After years of delay and a four-week trial, the city awaits final judgment of the cop who killed Laquan McDonald in 2014.

Former Chicago police officer Jason Van Dyke watching as Judge Vincent Gaughan issues formal jury instructions to the men and women who will decide if he should go to prison for the 2014 killing of Laquan McDonald. CREDIT: ABC7/Screenshot
Former Chicago police officer Jason Van Dyke watching as Judge Vincent Gaughan issues formal jury instructions to the men and women who will decide if he should go to prison for the 2014 killing of Laquan McDonald. CREDIT: ABC7/Screenshot

Chicago was on edge Thursday morning as civic leaders readied for protests and police officials upped deployments in preparation for a possible not-guilty verdict in former Chicago police officer Jason Van Dyke’s murder trial.

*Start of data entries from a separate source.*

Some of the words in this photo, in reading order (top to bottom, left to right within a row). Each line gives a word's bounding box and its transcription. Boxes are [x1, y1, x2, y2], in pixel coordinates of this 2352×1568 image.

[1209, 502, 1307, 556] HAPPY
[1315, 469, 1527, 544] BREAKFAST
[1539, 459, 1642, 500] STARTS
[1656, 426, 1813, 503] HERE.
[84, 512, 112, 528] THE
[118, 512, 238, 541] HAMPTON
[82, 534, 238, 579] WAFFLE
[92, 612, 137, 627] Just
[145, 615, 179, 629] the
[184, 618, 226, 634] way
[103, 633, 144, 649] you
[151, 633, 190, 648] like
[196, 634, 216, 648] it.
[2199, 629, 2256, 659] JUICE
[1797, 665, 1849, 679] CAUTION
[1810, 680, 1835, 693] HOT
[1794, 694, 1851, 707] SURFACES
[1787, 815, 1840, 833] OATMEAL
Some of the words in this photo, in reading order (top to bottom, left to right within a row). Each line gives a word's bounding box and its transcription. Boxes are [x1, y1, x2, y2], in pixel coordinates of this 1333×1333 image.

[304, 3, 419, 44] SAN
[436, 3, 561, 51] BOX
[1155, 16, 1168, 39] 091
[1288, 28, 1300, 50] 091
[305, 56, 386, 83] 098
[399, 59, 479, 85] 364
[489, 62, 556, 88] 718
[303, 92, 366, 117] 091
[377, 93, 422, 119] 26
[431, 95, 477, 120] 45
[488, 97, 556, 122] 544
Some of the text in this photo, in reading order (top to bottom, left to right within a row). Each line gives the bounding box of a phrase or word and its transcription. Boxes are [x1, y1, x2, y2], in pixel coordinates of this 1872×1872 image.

Alderman Derrick Curtis went so far as to publish a flyer Wednesday night reminding residents of the 18th Ward of the looming conclusion to the trial and the corresponding increase in police presence. “In the event Officer Vandyke (sic) is acquitted I am asking all residents to join me in continuing to help me keep our neighborhood safe,” the flyer read.

Some black residents expressed gloomy feelings about the closing stage of the nearly half-decade saga, which included denials and cover-ups by both police and elected officials who fought to keep the damning video of the killing from being made public.

“I think he’s going to get off,” 57-year-old Tonzell Brumley told NBC News. “I pray he doesn’t but I feel like he will.”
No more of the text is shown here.